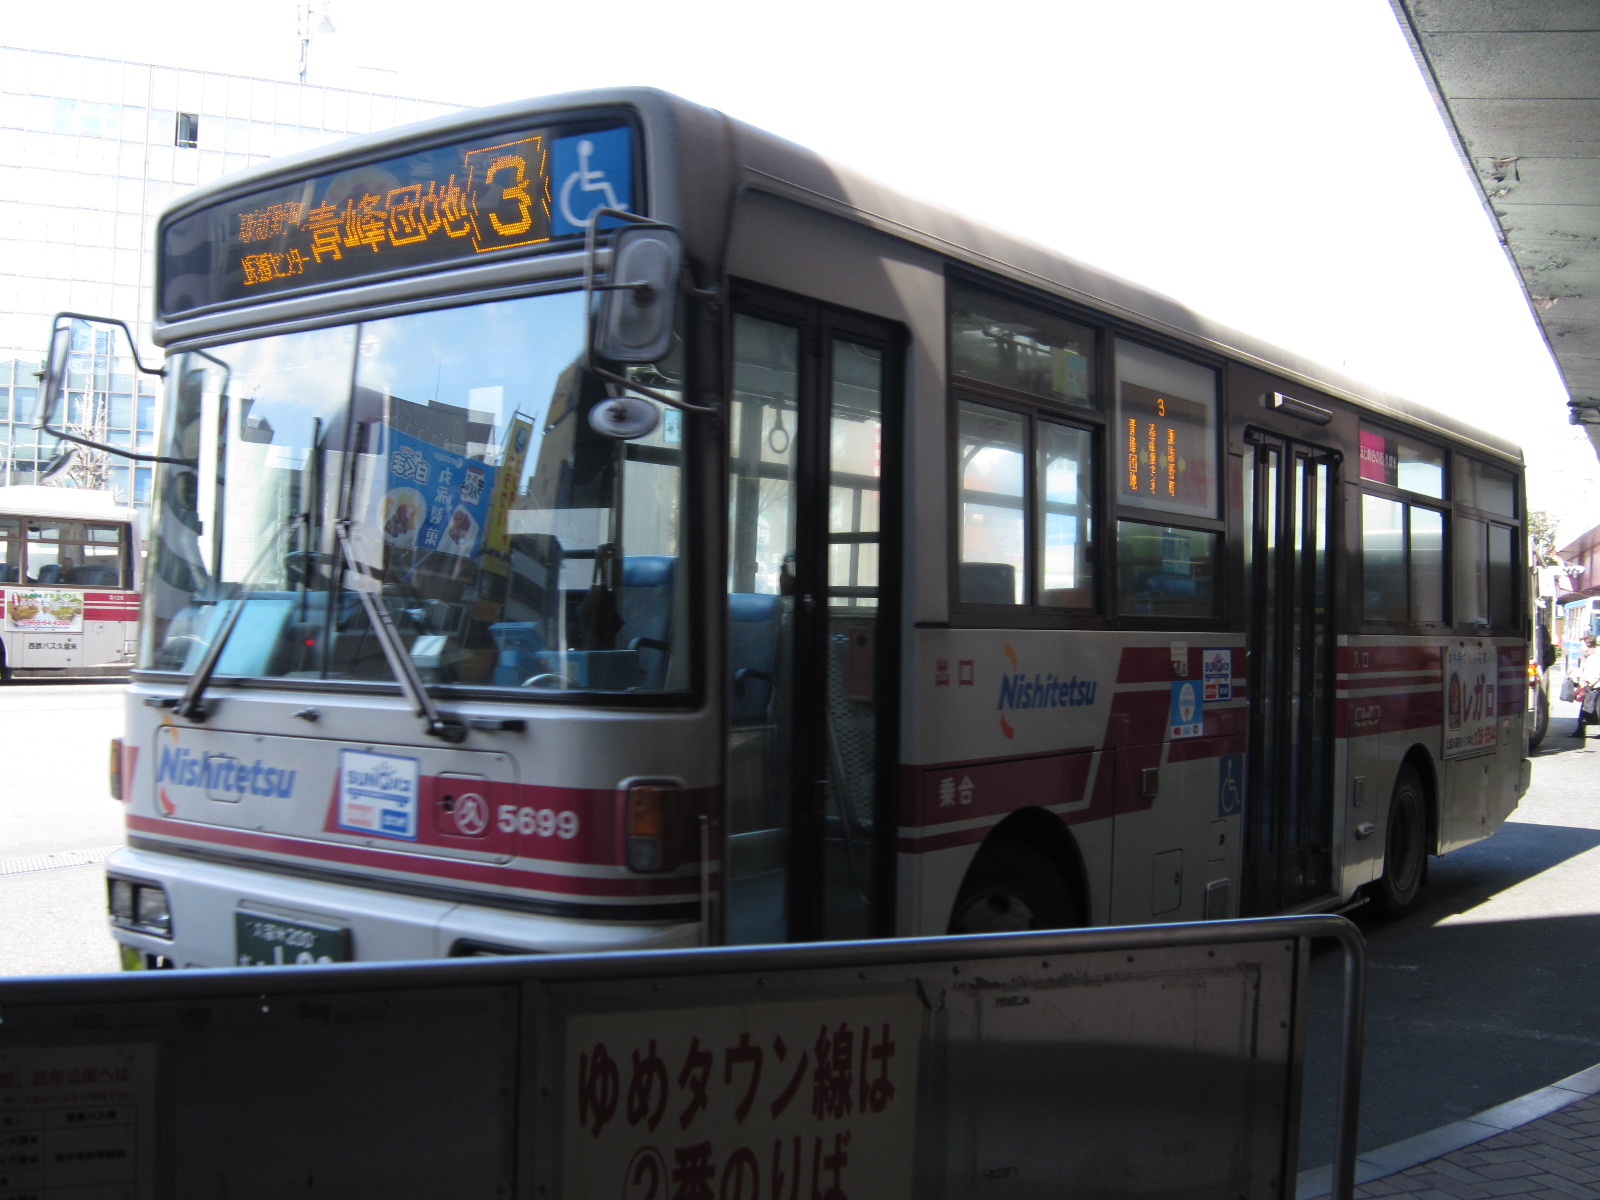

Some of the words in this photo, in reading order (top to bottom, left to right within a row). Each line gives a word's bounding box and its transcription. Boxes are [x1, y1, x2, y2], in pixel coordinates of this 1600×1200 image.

[484, 154, 532, 237] 3
[304, 174, 471, 263] 青峰団地
[1157, 398, 1166, 417] 3
[28, 642, 78, 650] 西鉄バス久留米
[1353, 651, 1369, 669] 入口
[935, 659, 975, 687] 出口
[997, 672, 1098, 711] Nishitetsu
[156, 744, 298, 799] Nishitetsu
[939, 775, 975, 808] 乗合
[497, 804, 580, 840] 5699
[579, 1022, 896, 1139] ゆめタウン線は
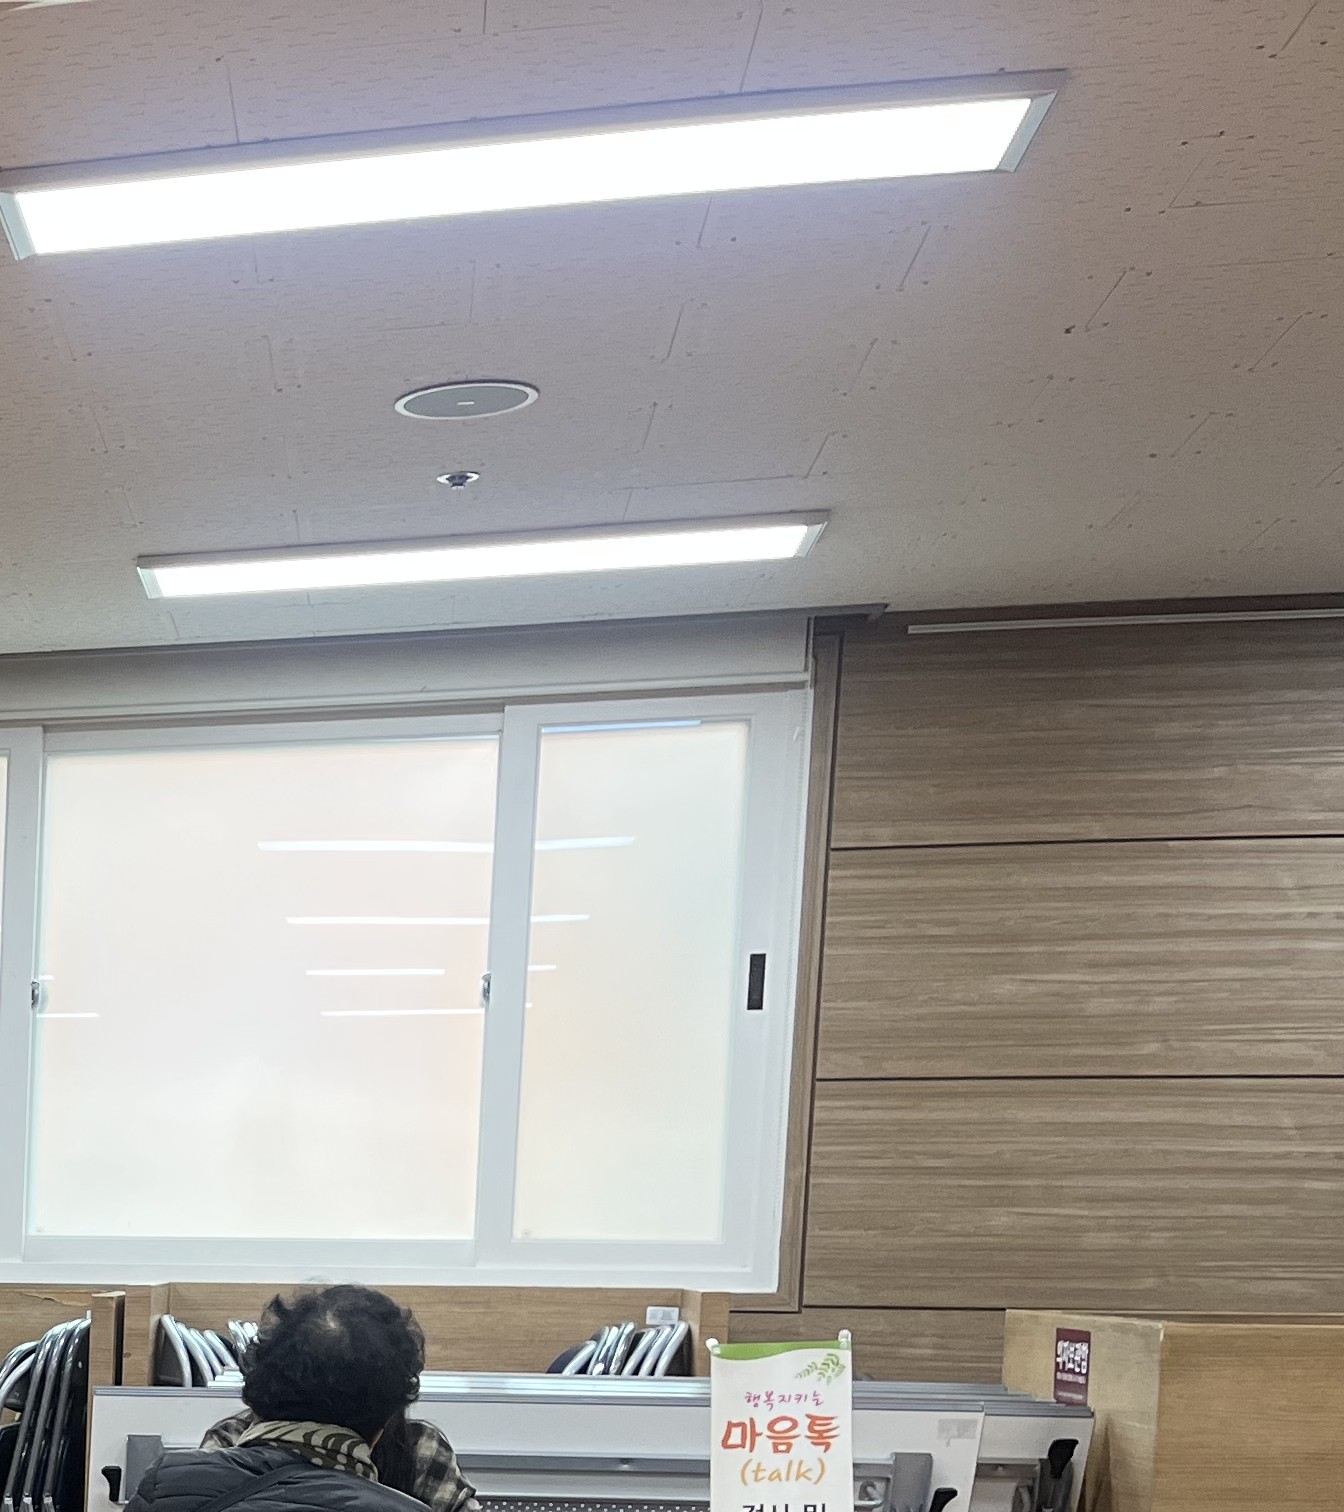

════════════════════

• _Task to carry out_:
Word for word, restate the material above; do not carry over the pictures.

• _Solution for this exercise_:
Some of the words in this photo, in reading order (top to bottom, left to right within a row). Each line gives a word's bounding box and its transcription. Boxes are [x1, y1, x2, y2], in pixel coordinates of this 1600×1200 image.

[484, 154, 532, 237] 3
[304, 174, 471, 263] 青峰団地
[1157, 398, 1166, 417] 3
[28, 642, 78, 650] 西鉄バス久留米
[1353, 651, 1369, 669] 入口
[935, 659, 975, 687] 出口
[997, 672, 1098, 711] Nishitetsu
[156, 744, 298, 799] Nishitetsu
[939, 775, 975, 808] 乗合
[497, 804, 580, 840] 5699
[579, 1022, 896, 1139] ゆめタウン線は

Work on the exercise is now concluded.